The messaging from public health bodies remains clear: pregnant women ought to prioritise getting vaccinated during their final three months, even if circumstances mean they cannot receive the jab at the optimal time. Dr Watson has reassured pregnant women that protection remains still achievable with shorter intervals between vaccination and birth, including even a two-week gap for those giving birth ahead of schedule. This adaptable strategy recognises the realities of pregnancy and childbirth whilst maintaining strong protection for vulnerable newborns during their earliest and most vulnerable period when RSV poses the greatest risk of serious illness.
Regional variations in vaccination
Whilst the RSV vaccine programme has been rolled out across England, uptake rates and implementation timelines have varied across various areas and NHS trusts. Some areas have attained higher vaccination coverage among qualifying expectant mothers, whilst others remain focused to boost understanding and availability of the jab. These geographical variations reflect variations in medical facilities, engagement approaches, and community involvement initiatives, though the national data shows consistently strong protection regardless of geographical location.
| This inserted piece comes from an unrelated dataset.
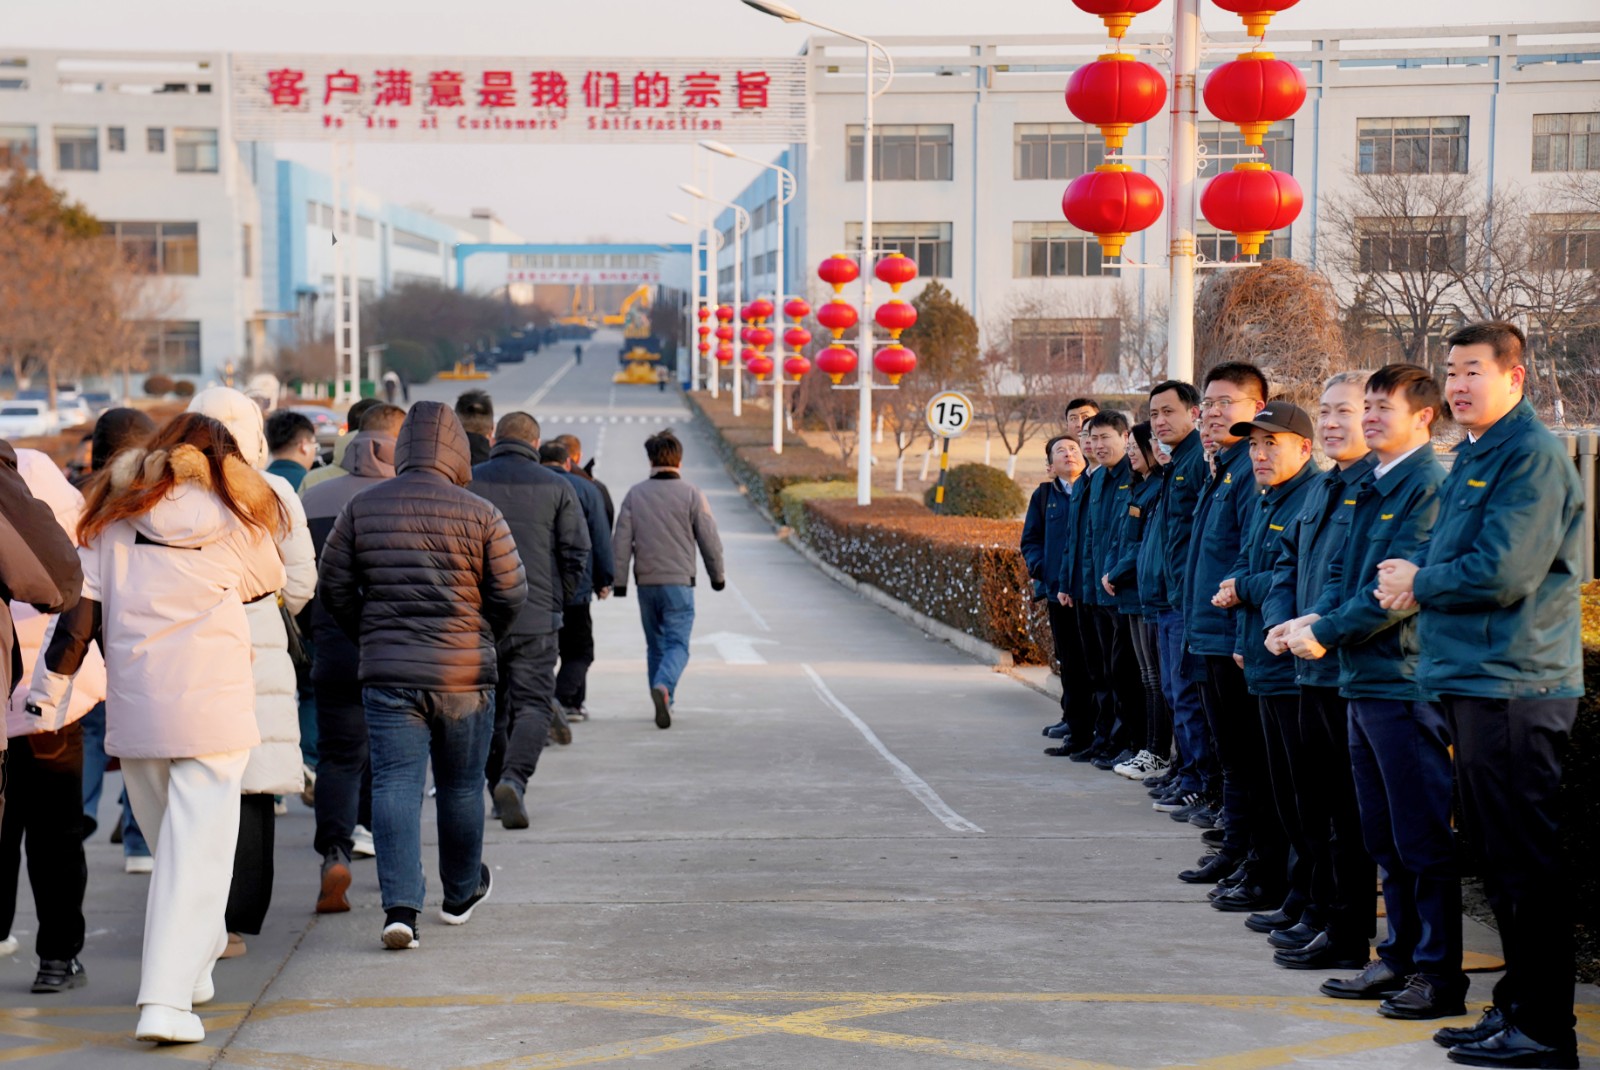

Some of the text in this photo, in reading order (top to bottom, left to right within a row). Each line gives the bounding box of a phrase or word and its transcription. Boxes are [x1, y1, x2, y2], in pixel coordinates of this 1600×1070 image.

- NHS trusts deploying diverse outreach initiatives to connect with expectant mothers
- Geographic variations in vaccination coverage levels throughout England necessitate strategic intervention
- Community health services tailoring initiatives to align with community needs and circumstances
Real-world impact and parental perspectives
The vaccine’s remarkable effectiveness provides concrete gains for families throughout the United Kingdom. With more than 20,000 babies admitted to hospital annually due to RSV prior to the launch of this preventative solution, the 80% reduction in admissions represents thousands of infants shielded from serious illness. Parents no more face the upsetting situation of watching their newborns struggle for breath or difficulty feeding, symptoms that define serious RSV disease. The vaccine has markedly changed the terrain of neonatal respiratory health, offering expectant mothers a preventative option to shield their most vulnerable children during those crucial first weeks.
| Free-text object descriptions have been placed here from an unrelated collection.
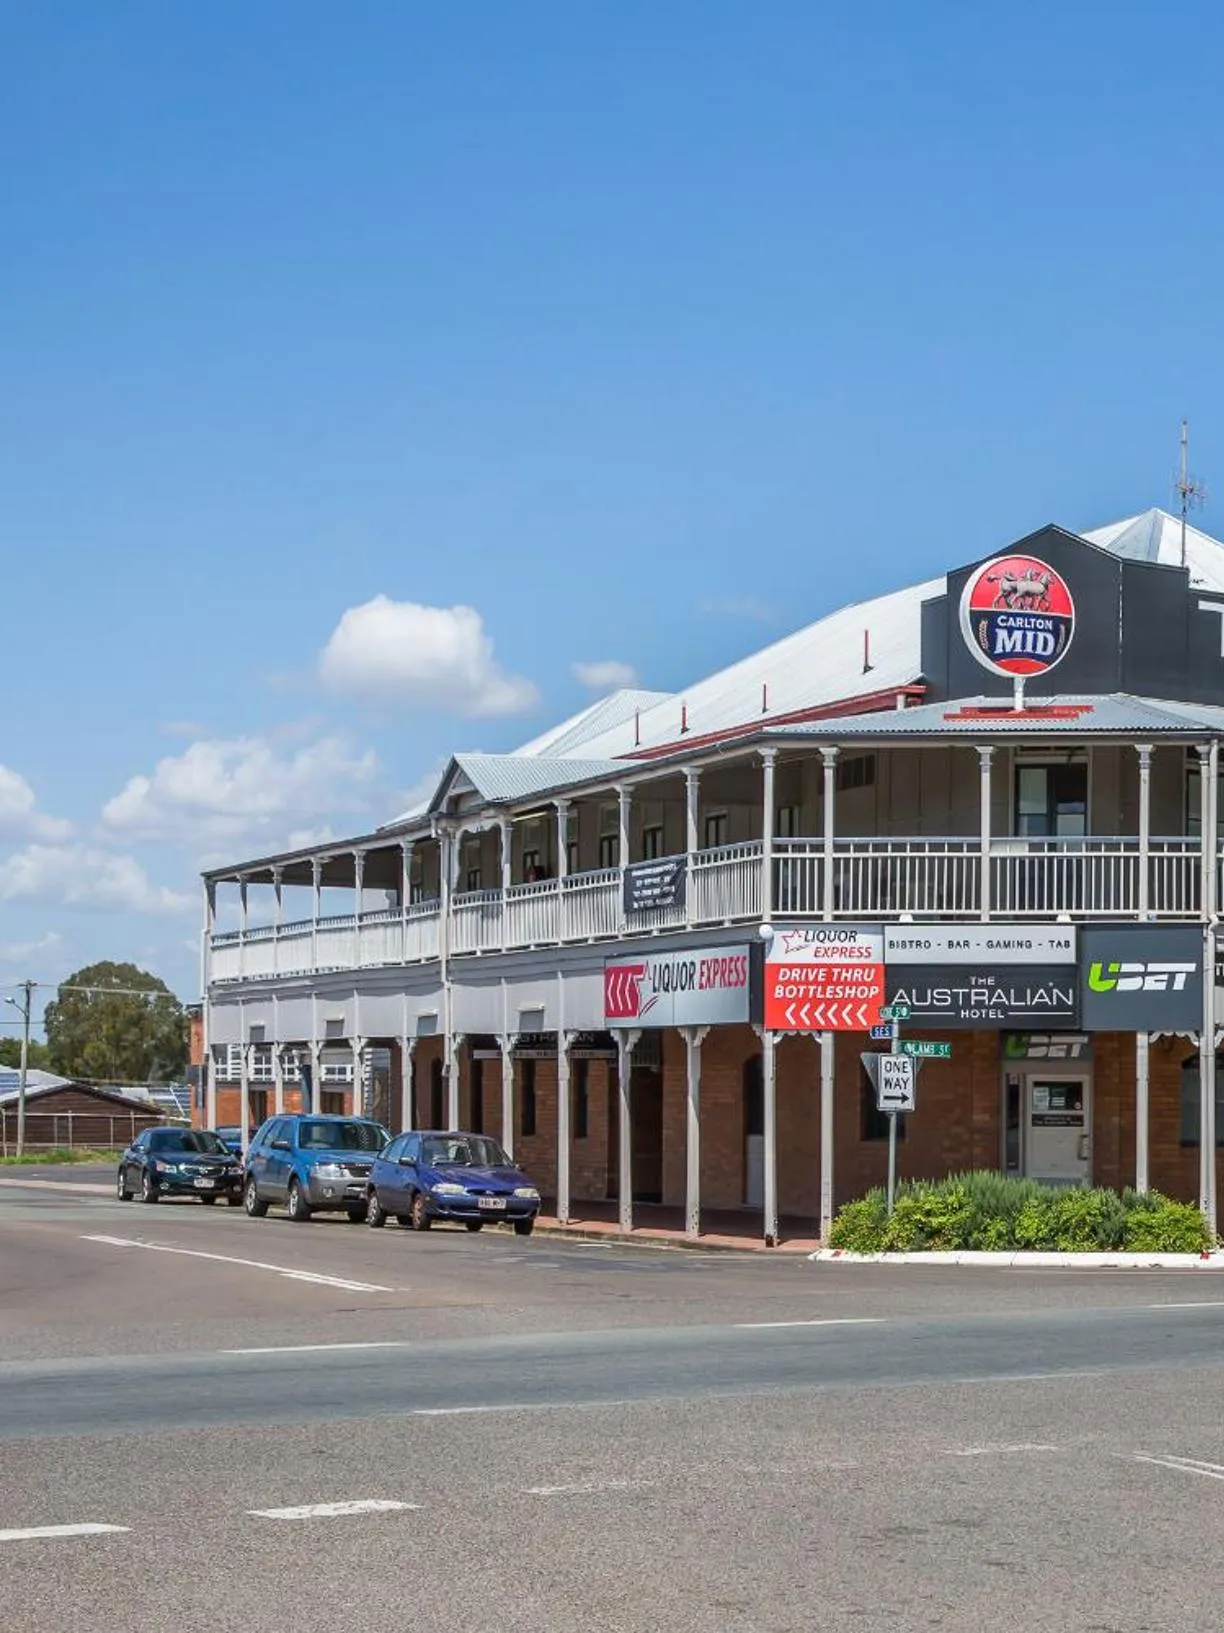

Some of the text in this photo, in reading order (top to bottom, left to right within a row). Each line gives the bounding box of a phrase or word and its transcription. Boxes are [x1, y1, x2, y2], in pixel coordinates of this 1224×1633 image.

[997, 615, 1053, 630] CARLTON
[994, 628, 1055, 656] MID
[804, 930, 857, 944] LIQUOR
[889, 940, 932, 949] BISTRO
[948, 940, 970, 949] BAR
[986, 940, 1032, 949] GAMING
[1048, 940, 1071, 949] TAB
[813, 946, 872, 959] EXPRESS
[652, 956, 747, 993] LIQUOR EXPRESS
[778, 968, 875, 982] DRIVE THRU
[970, 976, 995, 985] THE
[1088, 962, 1196, 992] UBET
[774, 985, 880, 999] BOTTLESHOP
[891, 989, 1073, 1006] AUSTRALIAN
[961, 1009, 1004, 1018] HOTEL
[874, 1027, 890, 1036] SES
[884, 1061, 908, 1073] ONE
[884, 1078, 909, 1090] WAY
For families like that of Malachi, whose severe RSV infection led to profound brain damage, the vaccine’s availability carries significant emotional significance. His mother’s support of the jab emphasises the transformative consequences that treatable infection can inflict on young children and their families. Whilst Malachi’s experience comes before the vaccine programme, his story resonates powerfully with parents now offered protection. The knowledge that such grave complications—hospital stay, oxygen dependency, neurological damage—are now mostly preventable has provided considerable reassurance to pregnant women in their late pregnancy, changing what was once an unavoidable seasonal threat into a manageable risk.